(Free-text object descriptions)

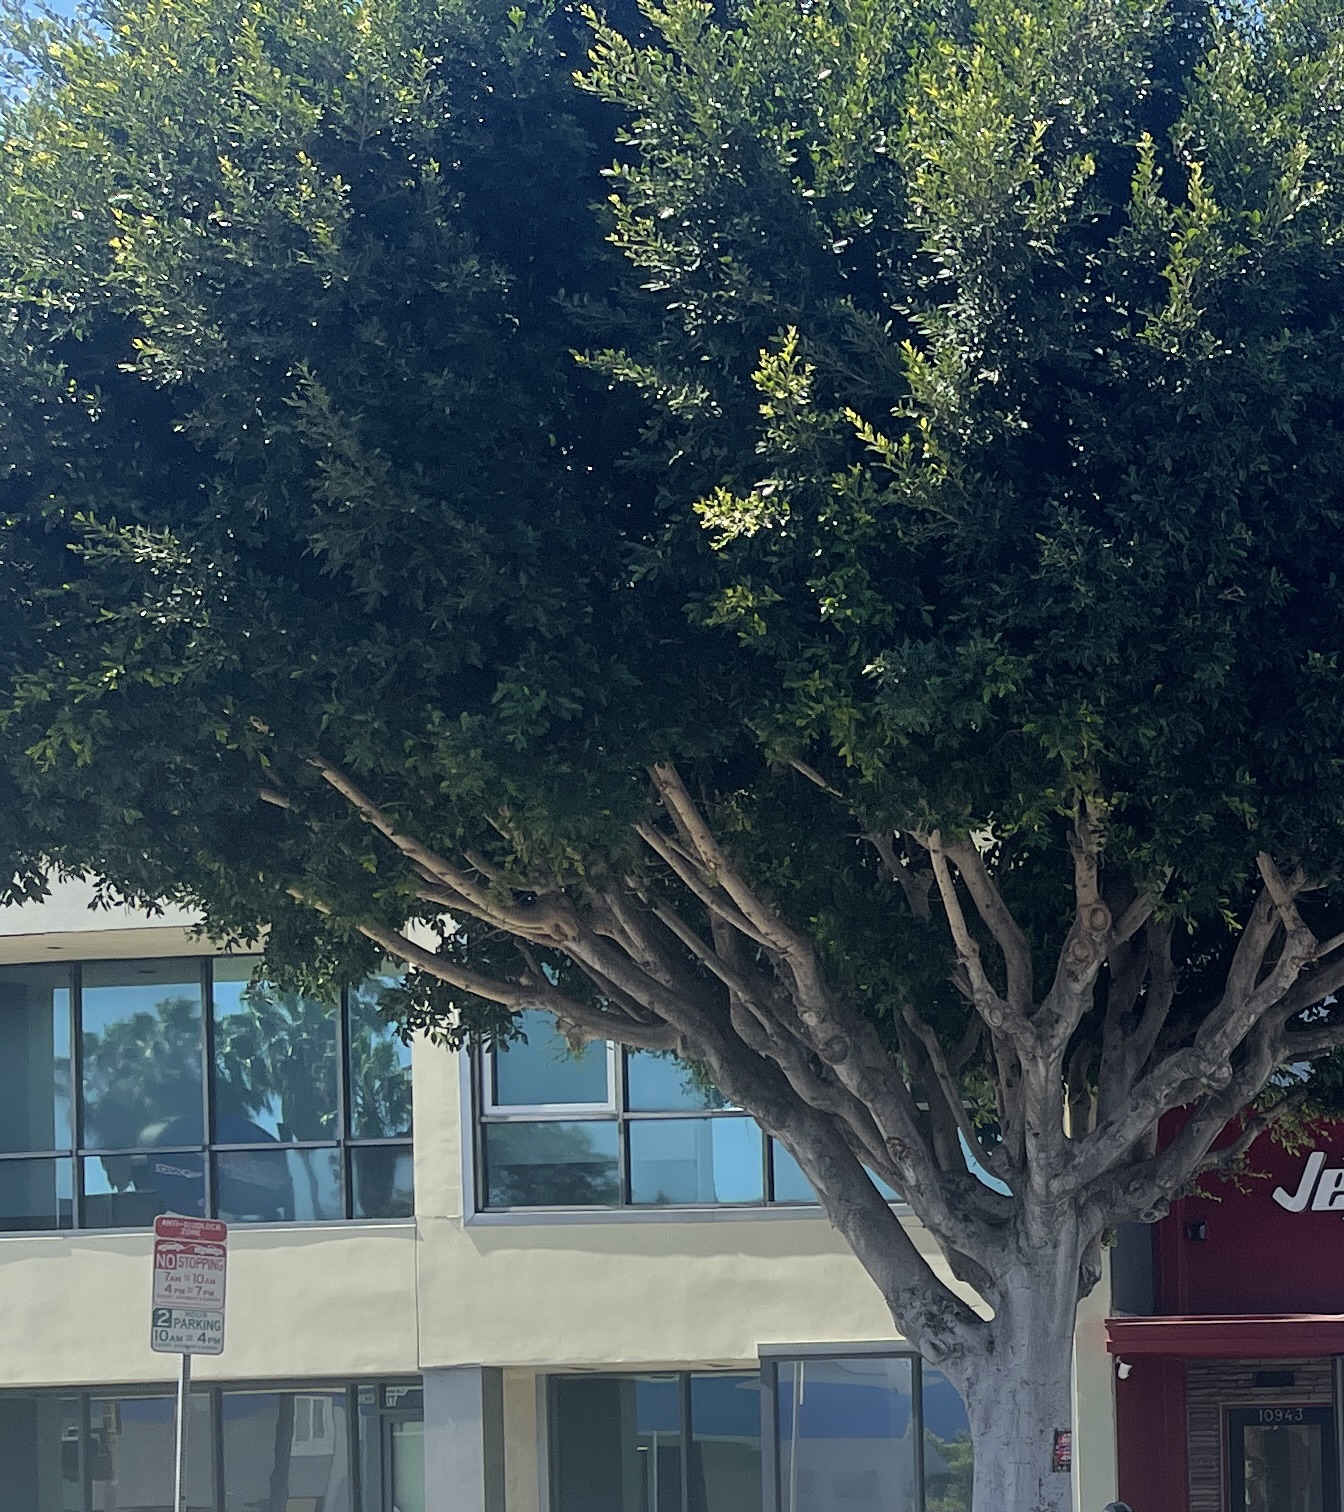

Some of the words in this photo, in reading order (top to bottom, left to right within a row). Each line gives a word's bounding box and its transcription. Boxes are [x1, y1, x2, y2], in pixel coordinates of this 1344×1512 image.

[156, 1254, 176, 1269] NO
[178, 1256, 224, 1271] STOPPING
[156, 1309, 170, 1326] 2
[173, 1318, 221, 1332] PARKING
[1259, 1407, 1304, 1422] 10943
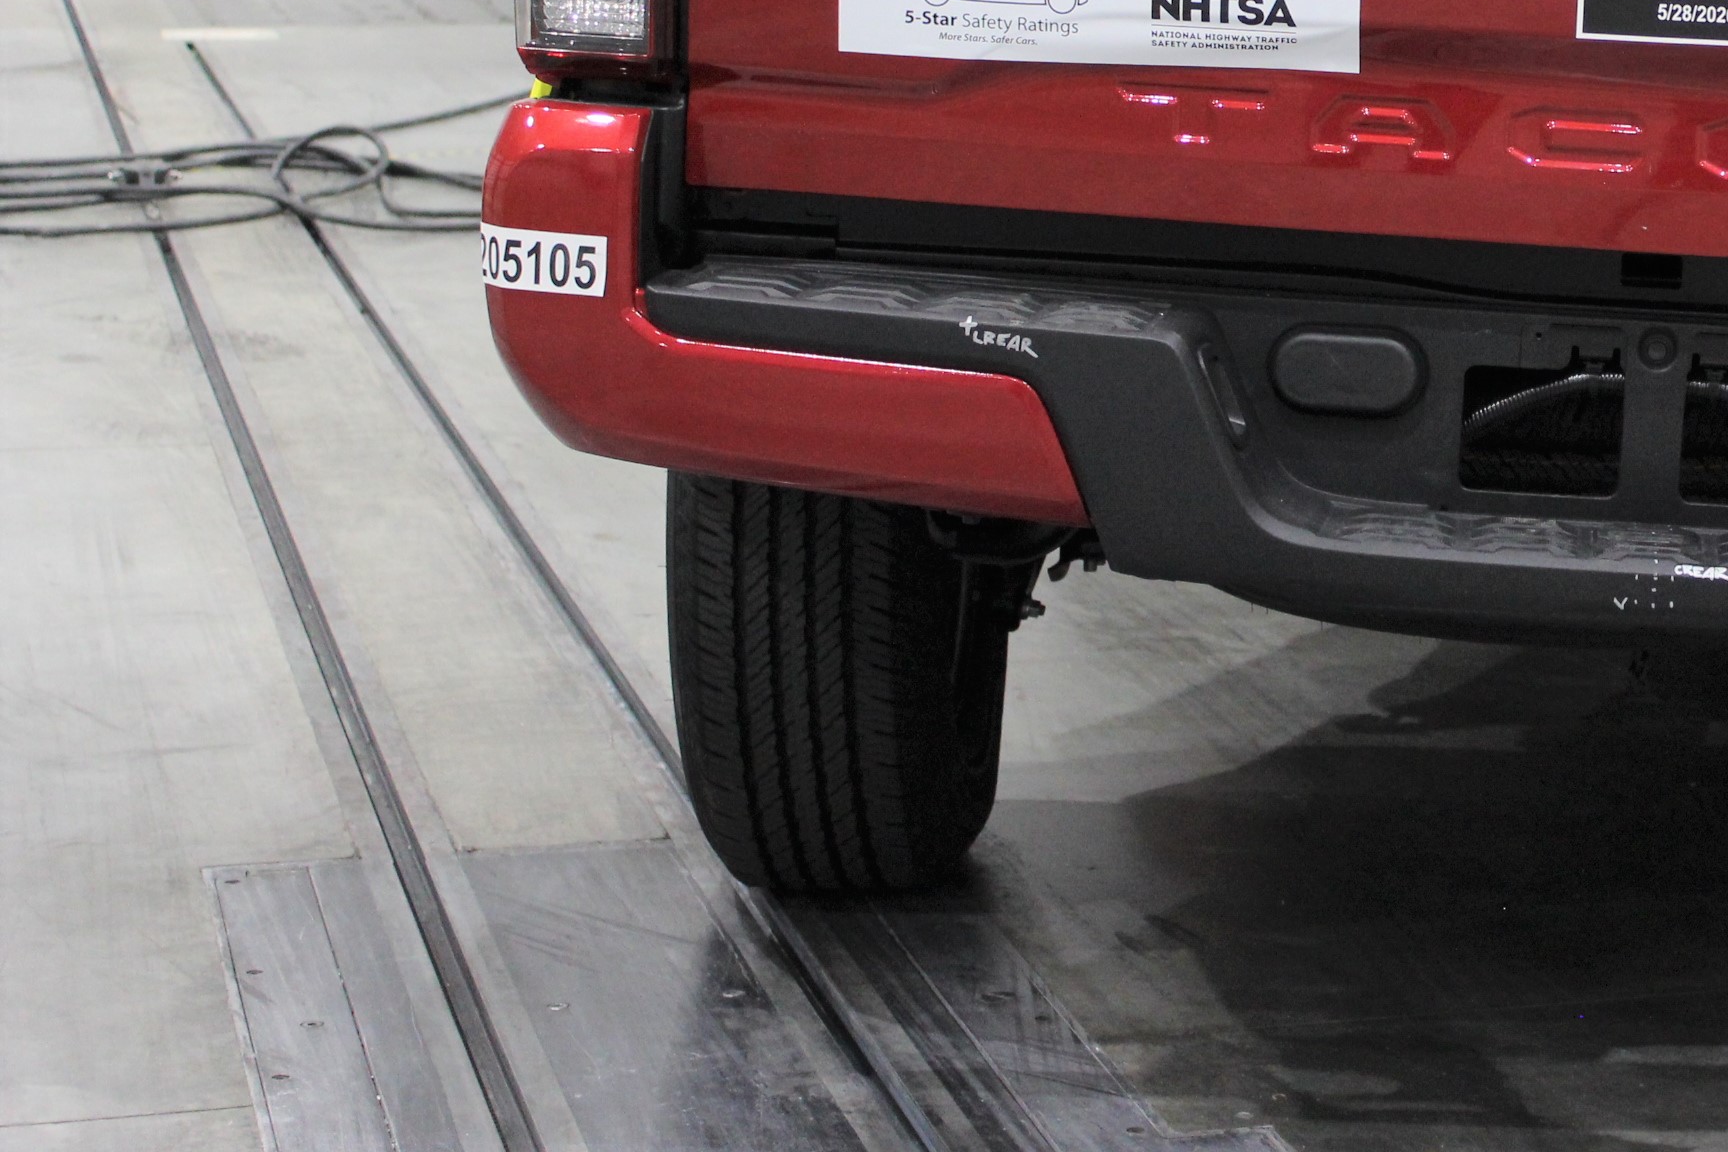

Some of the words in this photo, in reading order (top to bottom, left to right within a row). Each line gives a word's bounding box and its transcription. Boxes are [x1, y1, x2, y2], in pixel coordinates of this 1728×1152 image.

:: ACTIVITY ::
What's needed is an exact retyping of the records, pictures excluded.

:: WRITTEN RESPONSE ::
Some of the words in this photo, in reading order (top to bottom, left to right within a row). Each line gives a word's bounding box and its transcription. Boxes are [x1, y1, x2, y2], in pixel coordinates of this 1344×1512 image.

[156, 1254, 176, 1269] NO
[178, 1256, 224, 1271] STOPPING
[156, 1309, 170, 1326] 2
[173, 1318, 221, 1332] PARKING
[1259, 1407, 1304, 1422] 10943

Some of the words in this photo, in reading order (top to bottom, left to right within a row). Each line gives a word's bounding box and its transcription. Boxes are [x1, y1, x2, y2], in pixel coordinates of this 1728×1152 image.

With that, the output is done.